Desde EEA Grants, ao seu envolvimento em diversos projetos de investigação FCT, H2020, Water JPI/WaterWorks, MIT Portugal e Norte2020, pode falar-nos um pouco sobre os projetos financiados atualmente em desenvolvimento e nos quais participa e/ou lidera?
Neste momento estou envolvida em quatro projetos internacionais e dois nacionais; em quatro deles, como coordenadora ou coordenadora da participação do CIIMAR, e líder/colíder de linha de investigação. Em dois deles, o tema ou a minha participação estão relacionadas com a Literacia do Oceano (OceanClass, Coast). Os restantes estão ligados aos problemas de perda de biodiversidade e ao papel dos contaminantes químicos de origem antrópica neste processo (BEESNESS), e, sobretudo, a este desafio de desenvolver ferramentas para a avaliação do restauro ou recuperação dos ecossistemas aquáticos (BioReset, Nature, Ocean3R). Há muitas ações de recuperação ou restauro em curso, mas, em muitos casos, não é efetuada uma monitorização/avaliação do progresso e/ou sucesso destas ações. Isto acontece porque os métodos atualmente existentes são complexos, caros e morosos, para além de baseados na avaliação de comunidades ecológicas, cujo tempo de recuperação é longo, e com esforço proeminente de amostragem e tratamento das amostras. Esta situação limita a compreensão de como estão a decorrer estas ações e o estabelecimento de medidas de correção adequadas e atempadas. Há uma necessidade premente de métodos expeditos, de fácil e rápida aplicação, que possam dar um alerta precoce de como está a decorrer a aplicação das medidas estabelecidas e do seu efeito/sucesso. É neste tema que temos tido os nossos mais recentes projetos aprovados para financiamento, em linha com as diretivas europeias e com os Objetivos de Desenvolvimento Sustentável.

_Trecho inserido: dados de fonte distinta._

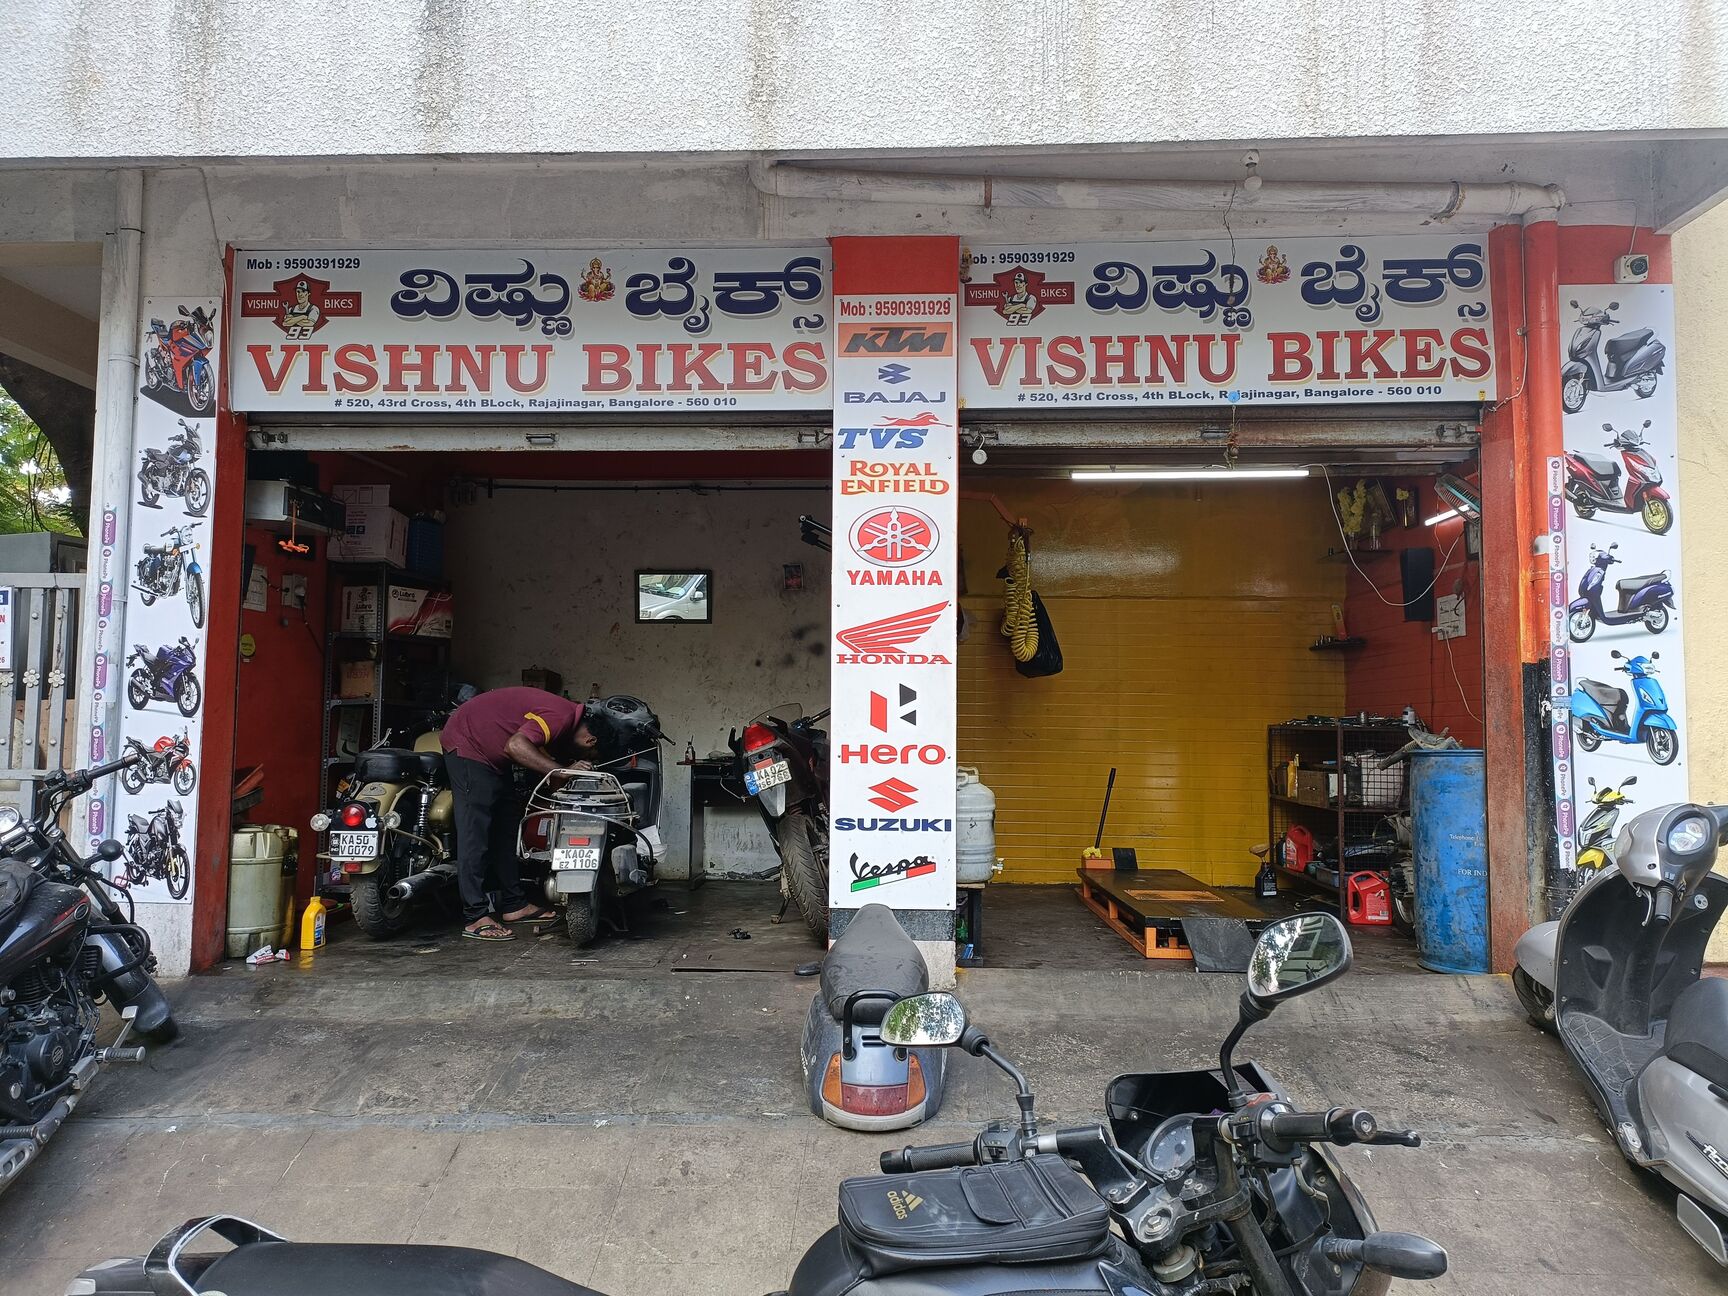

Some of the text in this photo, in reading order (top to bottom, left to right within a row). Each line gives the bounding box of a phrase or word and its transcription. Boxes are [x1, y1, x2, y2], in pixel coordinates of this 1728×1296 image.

[247, 259, 272, 270] Mob
[284, 258, 360, 269] 9590391929
[1000, 252, 1074, 264] 9590391929
[970, 288, 1067, 299] VISHNU BIKES
[248, 298, 353, 309] VISHNU BIKES
[841, 301, 866, 316] Mob
[875, 300, 950, 316] 9590391929
[1006, 313, 1032, 326] 93
[286, 326, 314, 340] 93
[844, 326, 947, 352] KTM
[970, 328, 1492, 386] VISHNU BIKES
[247, 342, 828, 392] VISHNU BIKES
[844, 392, 946, 404] BAJAJ
[1030, 393, 1057, 403] 520,
[1062, 392, 1092, 401] 43rd
[1097, 392, 1138, 402] Cross,
[1142, 391, 1163, 400] 4th
[1168, 391, 1214, 402] BLock,
[1304, 387, 1374, 399] Bangalore
[1387, 387, 1411, 395] 560
[1416, 386, 1442, 395] 010
[346, 399, 374, 408] 520,
[378, 399, 407, 407] 43rd
[411, 399, 451, 408] Cross,
[455, 399, 476, 407] 4th
[480, 398, 524, 408] BLock,
[529, 398, 605, 409] Rajajinagar,
[609, 398, 674, 408] Bangalore
[686, 398, 708, 406] 560
[712, 398, 737, 406] 010
[838, 428, 928, 449] TVS
[850, 460, 937, 477] ROYAL
[841, 480, 950, 495] ENFIELD
[847, 570, 943, 585] YAMAHA
[836, 654, 952, 664] HONDA
[834, 818, 952, 831] SUZUKI
[573, 859, 597, 868] 1106
[850, 852, 933, 884] Vespa
[887, 1191, 908, 1220] adidas
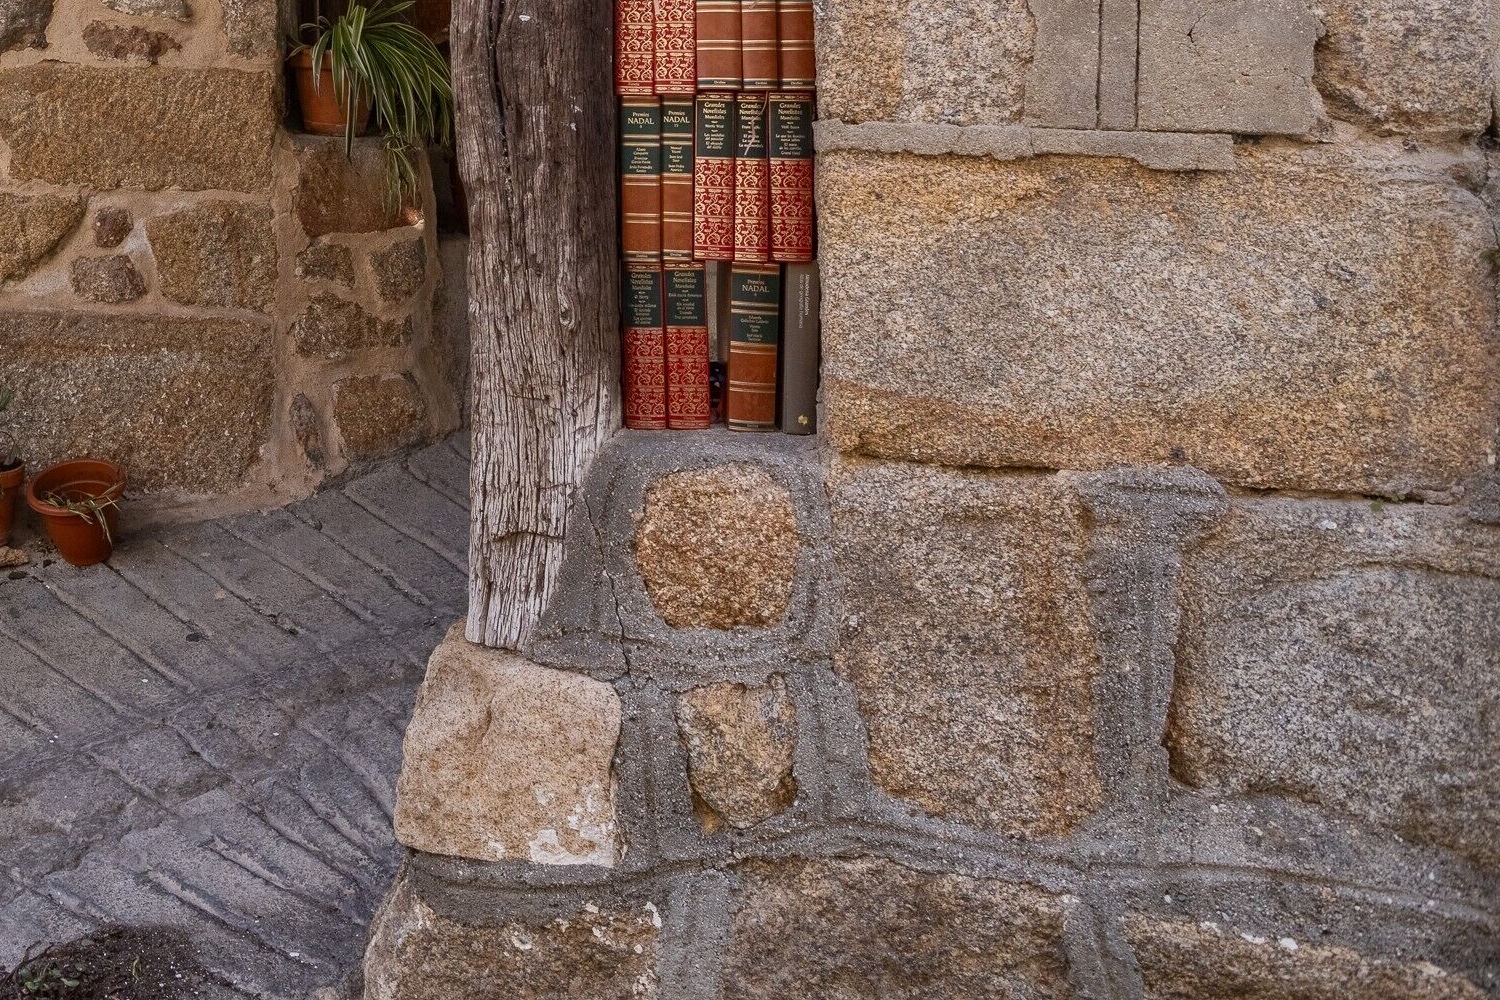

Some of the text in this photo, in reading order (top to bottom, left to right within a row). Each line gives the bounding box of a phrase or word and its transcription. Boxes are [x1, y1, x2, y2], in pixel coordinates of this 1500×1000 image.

[627, 117, 655, 125] NADAL
[663, 115, 691, 124] NADAL
[741, 284, 770, 293] NADAL

Dada a sua extensa experiência neste campo, qual acredita ser o fator mais importante para ter sucesso na angariação de financiamento competitivo?
Na minha perspetiva pessoal, é um conjunto de fatores que estão interligados. Começa por ter uma boa ideia, aplicada e multidisciplinar, que dá resposta a um desafio premente. Envolve o estabelecimento de parcerias adequadas ao seu bom desenvolvimento, e também uma boa apresentação da ideia, da forma como será desenvolvida e do seu impacto esperado, em termos ambientais, sociais e económicos.

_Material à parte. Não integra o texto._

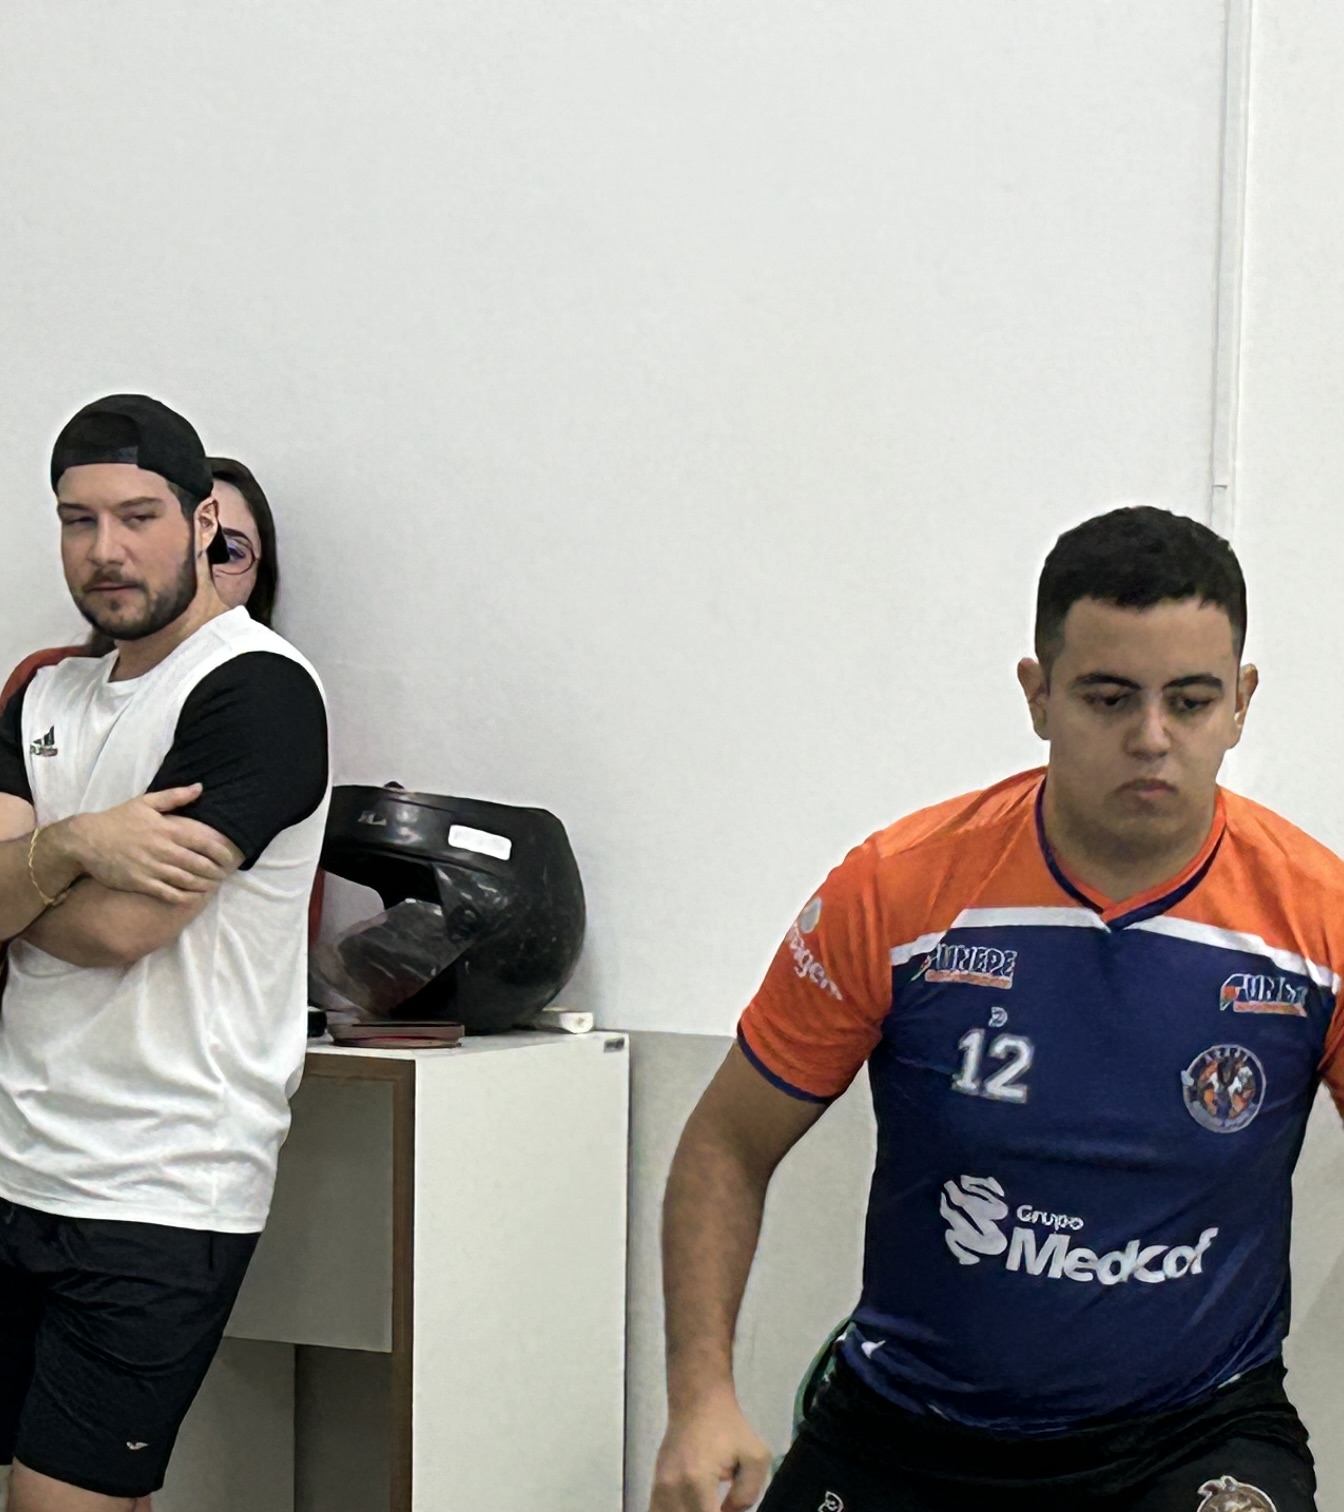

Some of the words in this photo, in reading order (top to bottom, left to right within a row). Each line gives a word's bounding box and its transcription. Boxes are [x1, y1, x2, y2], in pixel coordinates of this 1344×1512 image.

[951, 1028, 1035, 1104] 12
[1016, 1204, 1084, 1230] Grupo
[1006, 1226, 1219, 1285] Medcof

Como cientista, que apreciação faz do panorama científico português na sua área de investigação e em outras áreas, de um modo geral? Considera que a ciência é devidamente valorizada em Portugal?
No geral, têm sido feitos progressos, mas o panorama continua muito pouco entusiasmante. Os financiamentos são muito limitados e não há ainda uma carreira de investigação estabelecida. Continuamos ao nível de contratos temporários, e os poucos contratos sem termo que existem não têm qualquer perspetiva de progressão na carreira. Os quadros de investigação das instituições são feitos sobretudo de lugares precários, sempre com tendência a diminuírem, apesar das medidas que têm sido lançadas. Servem frequentemente objetivos descontextualizados, há muito estabelecidos, sendo mais um ponto de passagem; uma situação de transição para um lugar de docente numa universidade. Nas universidades, os docentes têm cargas letivas excessivas, em comparação com muitos outros países, dispondo de pouquíssimo tempo para investigação. As duas carreiras não podem sobrepor-se, mas devem equilibrar-se mais. A investigação é essencial à docência, e a docência melhora a nossa investigação. Há que aproximar, em vez de olhar como sendo dois lados da barricada. Além disto, como foi já reconhecido, a burocracia associada à execução das verbas de investigação é enorme. Tudo isto torna-nos menos competitivos a nível internacional, o que é uma pena, pois temos uma excelente massa crítica e capacidade de investigação. Há imensos colegas que continuam a ir para fora em busca de melhores condições, que são facilmente integrados em excelentes unidades de investigação, e que estão a contribuir com grande sucesso para o desenvolvimento socioeconómico de outros países. Penso que, nos últimos dois anos, a situação de pandemia trouxe uma compreensão muito mais profunda da importância e do contributo socioeconómico da investigação científica e tecnológica para um país.